| Records from a data collection |
┌──

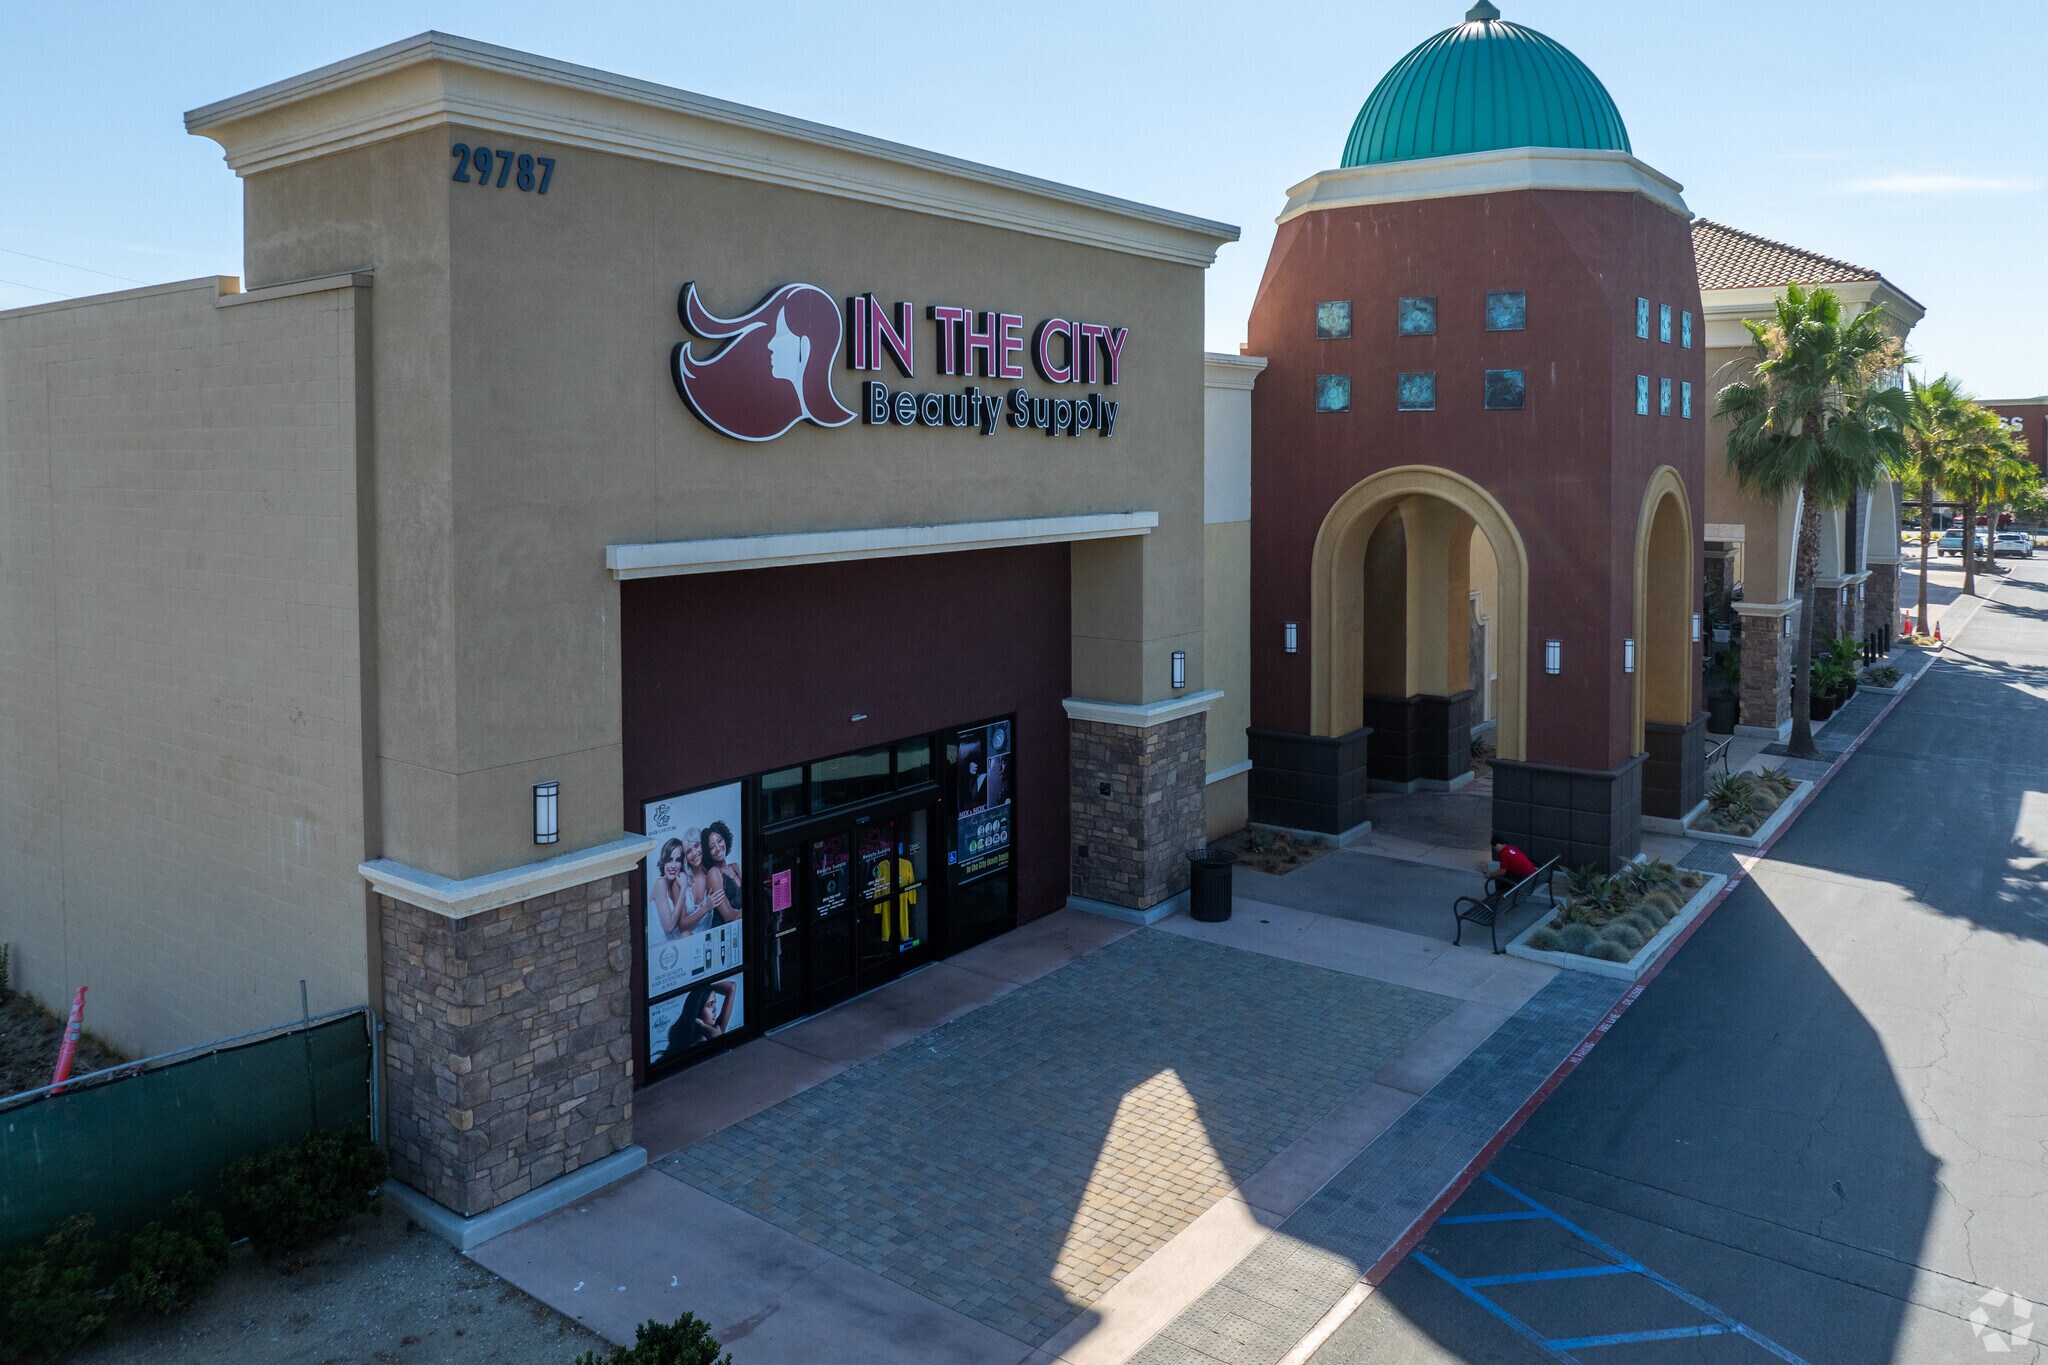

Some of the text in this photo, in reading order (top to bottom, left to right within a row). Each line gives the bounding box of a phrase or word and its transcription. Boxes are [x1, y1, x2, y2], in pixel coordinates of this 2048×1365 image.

[453, 143, 556, 194] 29787
[846, 292, 1128, 385] IN THE CITY
[862, 381, 1120, 438] Beauty Supply
[666, 967, 683, 977] QUALITY

└──

| Description of the task |
What you produce should repeat the data word for word while omitting all images.

| Response for this exercise |
Some of the text in this photo, in reading order (top to bottom, left to right within a row). Each line gives the bounding box of a phrase or word and its transcription. Boxes are [x1, y1, x2, y2], in pixel coordinates of this 2048×1365 image.

[453, 143, 556, 194] 29787
[846, 292, 1128, 385] IN THE CITY
[862, 381, 1120, 438] Beauty Supply
[666, 967, 683, 977] QUALITY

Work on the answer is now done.